Write all of the entries out again exactly, but not the images.

[Records from a collection]
⁂

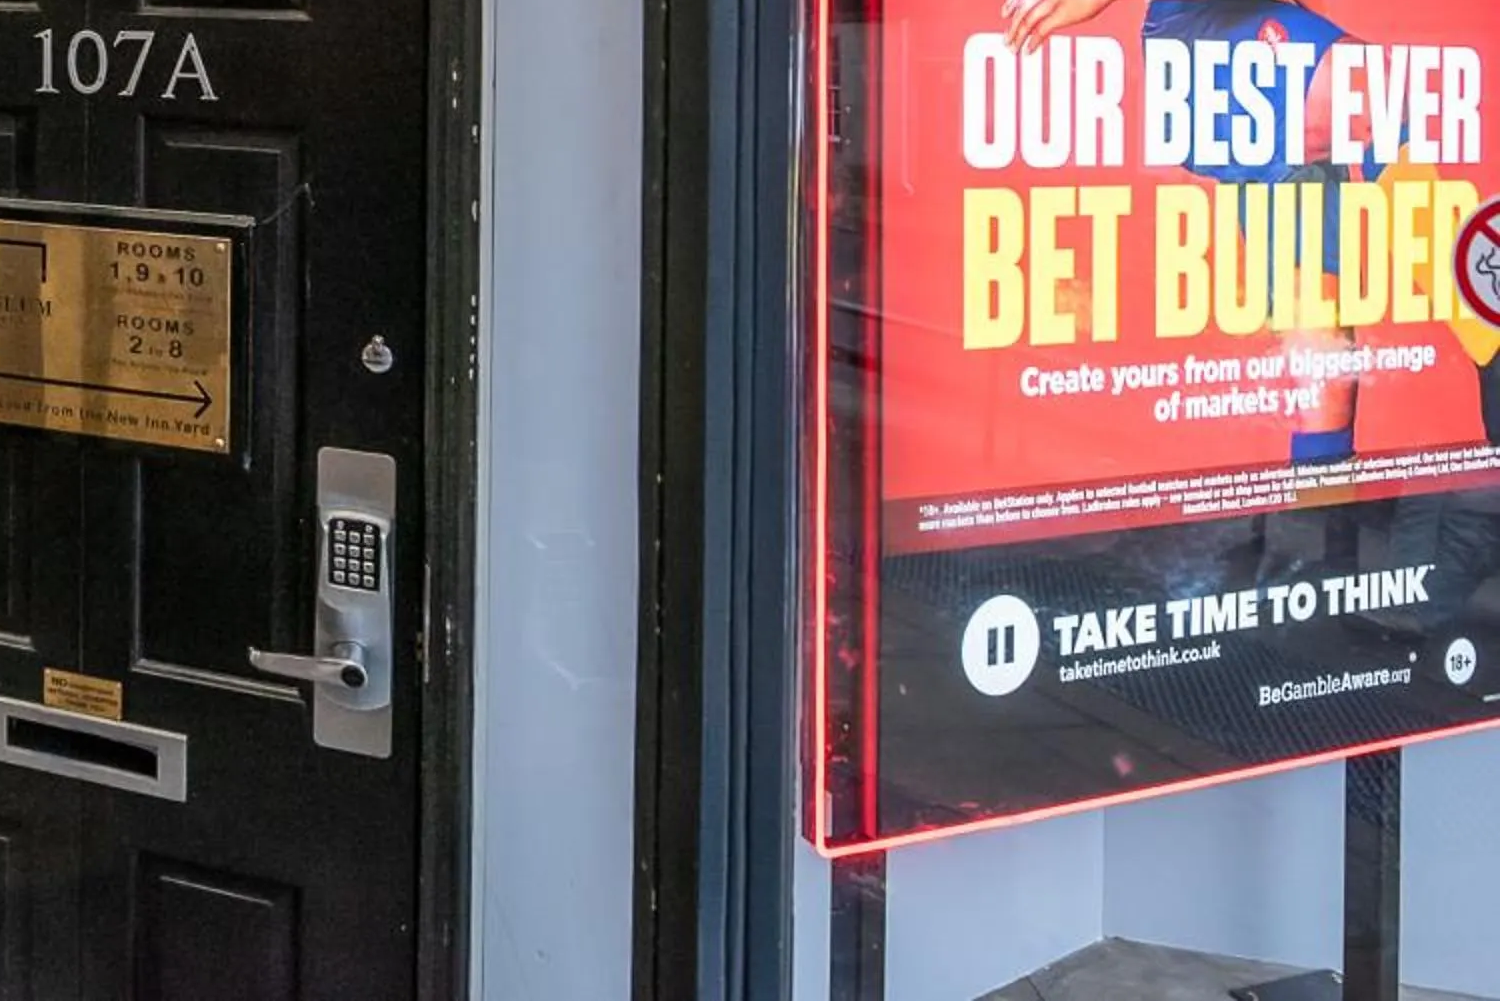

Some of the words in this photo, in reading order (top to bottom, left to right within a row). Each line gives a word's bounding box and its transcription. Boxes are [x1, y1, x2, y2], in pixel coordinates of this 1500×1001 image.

[963, 32, 1126, 169] OUR
[1144, 38, 1316, 167] BEST
[1331, 43, 1483, 165] EVER
[117, 241, 196, 261] ROOMS
[964, 185, 1132, 350] BET
[1155, 180, 1481, 339] BUILDER
[174, 267, 204, 287] 10
[117, 315, 195, 336] ROOMS
[129, 335, 143, 354] 2
[169, 340, 182, 358] 8
[1020, 366, 1105, 397] Create
[1111, 362, 1180, 395] yours
[1184, 354, 1241, 385] from
[1246, 353, 1285, 380] our
[1289, 347, 1372, 379] biggest
[1377, 345, 1436, 372] range
[37, 399, 74, 418] from
[107, 410, 139, 426] New
[174, 420, 210, 437] Yard
[1154, 391, 1181, 422] of
[1185, 384, 1280, 420] markets
[1053, 602, 1157, 656] TAKE
[1166, 588, 1259, 640] TIME
[1267, 580, 1318, 625] TO
[1322, 564, 1430, 616] THINK
[1059, 640, 1221, 684] taketimetothink.co.uk
[1449, 654, 1472, 672] 18+
[1258, 667, 1411, 707] BeGambleAware.org

⁂

ANSWER TO THE PROBLEM
Some of the words in this photo, in reading order (top to bottom, left to right within a row). Each line gives a word's bounding box and its transcription. Boxes are [x1, y1, x2, y2], in pixel coordinates of this 1500×1001 image.

[963, 32, 1126, 169] OUR
[1144, 38, 1316, 167] BEST
[1331, 43, 1483, 165] EVER
[117, 241, 196, 261] ROOMS
[964, 185, 1132, 350] BET
[1155, 180, 1481, 339] BUILDER
[174, 267, 204, 287] 10
[117, 315, 195, 336] ROOMS
[129, 335, 143, 354] 2
[169, 340, 182, 358] 8
[1020, 366, 1105, 397] Create
[1111, 362, 1180, 395] yours
[1184, 354, 1241, 385] from
[1246, 353, 1285, 380] our
[1289, 347, 1372, 379] biggest
[1377, 345, 1436, 372] range
[37, 399, 74, 418] from
[107, 410, 139, 426] New
[174, 420, 210, 437] Yard
[1154, 391, 1181, 422] of
[1185, 384, 1280, 420] markets
[1053, 602, 1157, 656] TAKE
[1166, 588, 1259, 640] TIME
[1267, 580, 1318, 625] TO
[1322, 564, 1430, 616] THINK
[1059, 640, 1221, 684] taketimetothink.co.uk
[1449, 654, 1472, 672] 18+
[1258, 667, 1411, 707] BeGambleAware.org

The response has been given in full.